La musiquita que se aparece por todas partes nació en el mismo lugar donde la leyenda cuenta que comenzó el destino presidencial de Mauricio Macri (que no sería en la cuna del empresariado contratista del Estado, sino en el catártico y tan argento universo del fútbol): la hinchada de San Lorenzo en lugar de increpar al árbitro ante un fallo injusto frente a Boca Juniors, entonó, ¡proeza estilística!, una frase de siete palabras. Uso magistral y popular de la metonimia. Dicho en criollo: la hinchada dio un tiro por elevación y colocó al Presidente en el centro de un episodio que no lo involucra de manera directa pero que lo reconoce en el origen. El nombre propio (MM) como marca registrada de una cadena de trapisondas y de males: la arbitrariedad del árbitro, el apagón en el medio del partido, la sospecha de que la barra brava del club xeneize sería la hinchada oficial en el Mundial de Rusia. De ahí, al ajuste, a la pobreza cero que no fue ni será, al endeudamiento sin inversiones y un largo etc. Macri lo sabe, y como se pudo ver en su propio discurso de esta semana ante el Congreso, la cortina de humo de la pesada herencia y la promesa de que si se equivocan rectifican al toque, ya no encubren la verdadera identidad (MM).

Los primeros analistas del fenómeno aseguraron que “la cosa” así como nació también moriría pronto en el ámbito catártico del fútbol. Y la primera reacción oficial fue apurar esa muerte. Para que no hubiera cantito en la cancha propusieron cerrar la cancha: “en la próxima si cantan, se suspende el partido”. Los analistas fallaron. A los pocos días, “la cosa” como respondiendo a una promesa bíblica –“donde dos o más se reúnan en mi nombre, allí estaré”– se hizo carne en recitales, esquinas varias, colas de bancos y por supuesto en la multiplicación de las redes. En tiempos líquidos no es un redentor quien le transmite confianza a los desesperados, sino un hit del verano. Mientras tanto el gobierno alega que la canción está “orquestada” y como si todo fuera una comparsa de juegos de palabras, efectivamente, la canción tiene orquesta, pianista, versiones en ritmo de tango y regaetton, aparece enunciada cual fórmula genial por Einstein y en un meme el mismísimo Perón la avala como “la mejor música para sus oídos”.  

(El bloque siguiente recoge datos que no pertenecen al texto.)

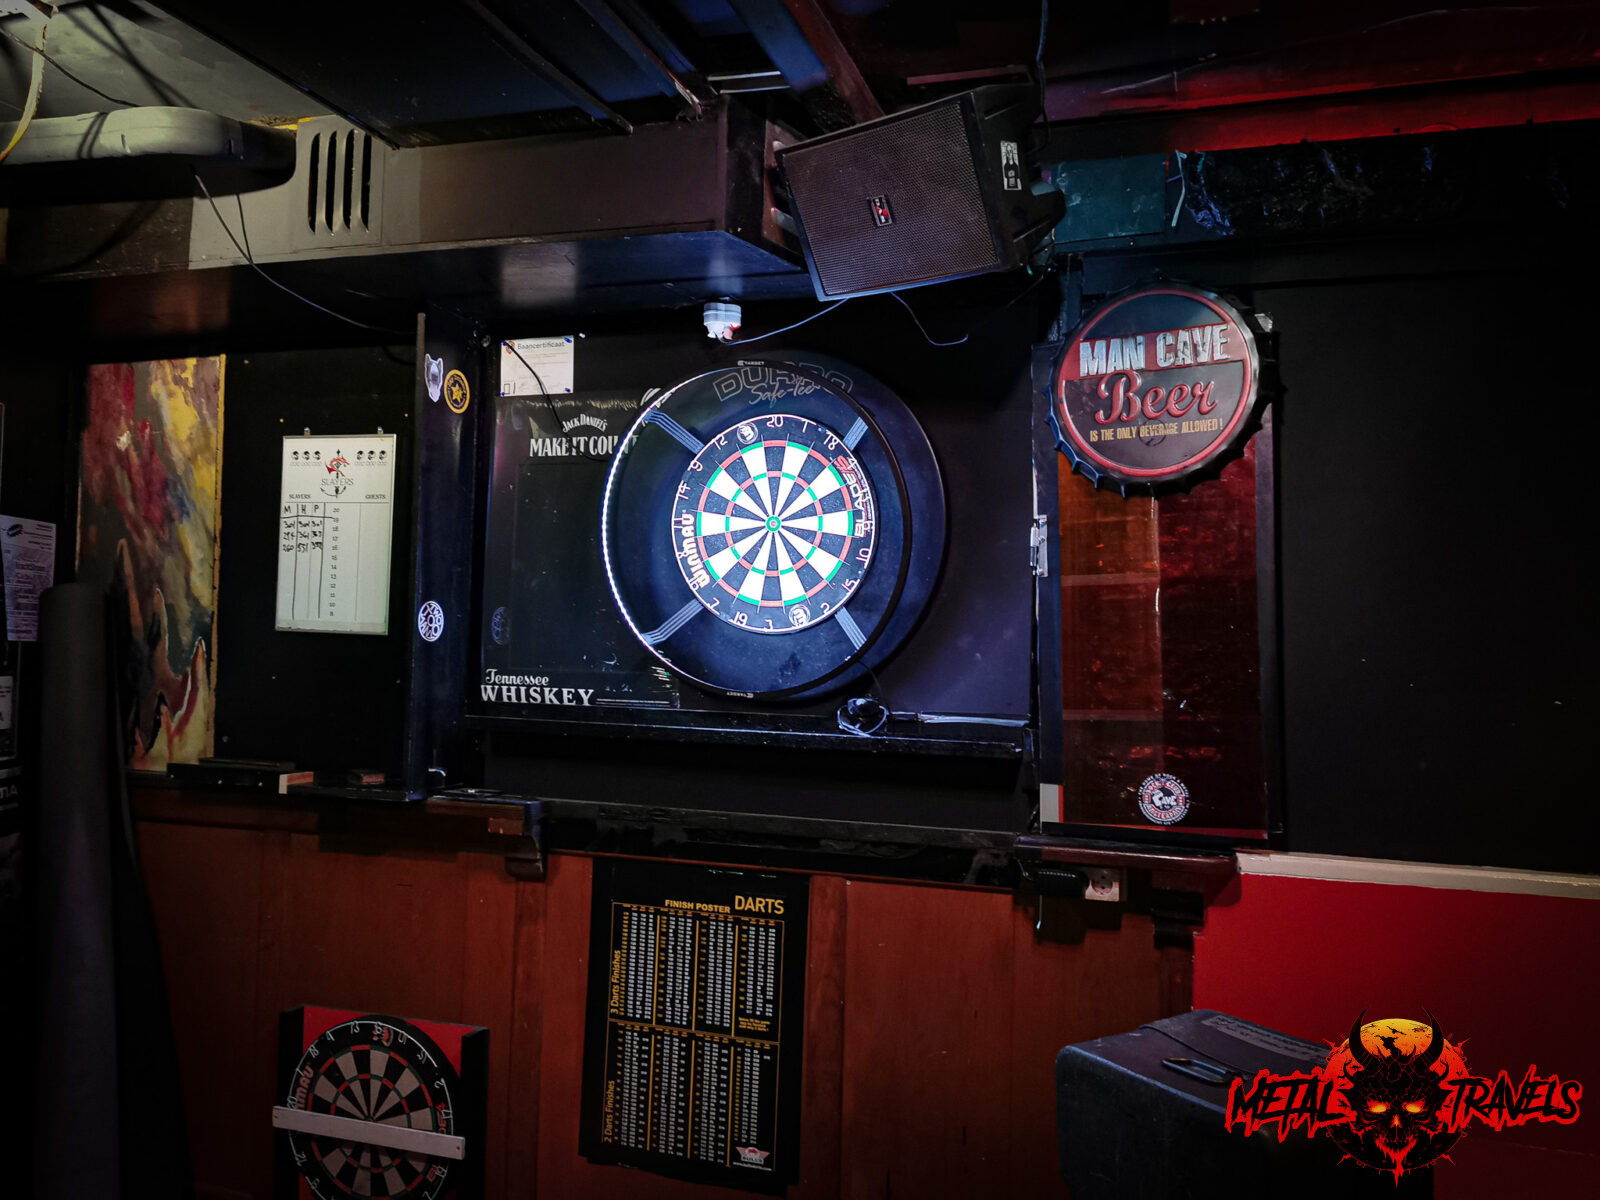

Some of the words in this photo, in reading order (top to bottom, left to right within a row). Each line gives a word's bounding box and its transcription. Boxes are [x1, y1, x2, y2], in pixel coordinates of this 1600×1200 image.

No es la primera reacción popular. Macri había tenido ya su “Macri gato” críptico para muchos, gracioso y fierita y también sus dos cacerolazos que no admiten comparación ni en cantidad ni en potencia con los que recibió el gobierno de Cristina Kirchner. La propuesta cacerola, tan asociada al bolsillo herido de Barrio Norte, no termina de conformar a los mismos que recurren a ese método por falta de otro. Tampoco se acerca al grito de “Que se vayan todos” que marcó una crisis de representación y el surgimiento de la figura de los indignados en 2001. Paradójicamente, esta ciudadanía hinchada se expresa casi sin palabras. Incluso la gracia está en que el insulto se diluye en su acrónimo o en las notas musicales. Porque cuanto menos se diga, más se entiende. Un balbuceo, una travesura, que da cuenta de un sentimiento común: el estupor. El estupor generalmente paraliza, pero en este caso amenaza con suturar algunos puntos de la famosa grieta. Porque de pronto aparece una cantinela que sabemos todos y todas. La canta el que no quiere represión del estado a las comunidades mapuches ni a las marchas de las mujeres, las lesbianas y las trans. Pero también el quiere mano dura pero no está dispuesto a avalar una mano policial que asesina a un delincuente por la espalda; el que quiere ver a todos los funcionarios K presos pero no acuerda con la imagen de un ex presidente en patas víctima de un operativo mediático judicial. El que se ilusionó con las promesas de Cambiemos, quien apoya el ajuste pero no aguanta que esta semana el taxi se le vaya a las nubes…

Reacción sin palabras, una forma casi muda de comunicación. Un insulto cantado que a su vez no tiene la violencia desatada y sin gracia que tramitaba “la yegua” y aunque contenga el agravio más antiguo del mundo   –sí, sí, la maldita inercia patriarcal– es un insulto profanado, apropiado como contraseña del descontento.

La gran pregunta que se formulan propios y ajenos es si esta masa oscura que revolotea el cielo argentino es una golondrina que hará verano, una luz en el camino o “un populismo sin votos” como lo llama Marcos Peña.

Por el momento tiene la consistencia de una ráfaga, una bocanada de aire, como la que sale en la risa. Tiene la potencia de una carcajada. Algunos dicen que la palabra ráfaga proviene de una onomatopeya, “raff”, que intenta expresar lo que es la violencia que puede tener el viento en un momento determinado. Pasa y se va. Pero también es cierto que la aparición de una ráfaga puede hacer que el aire golpee con mucha fuerza una estructura.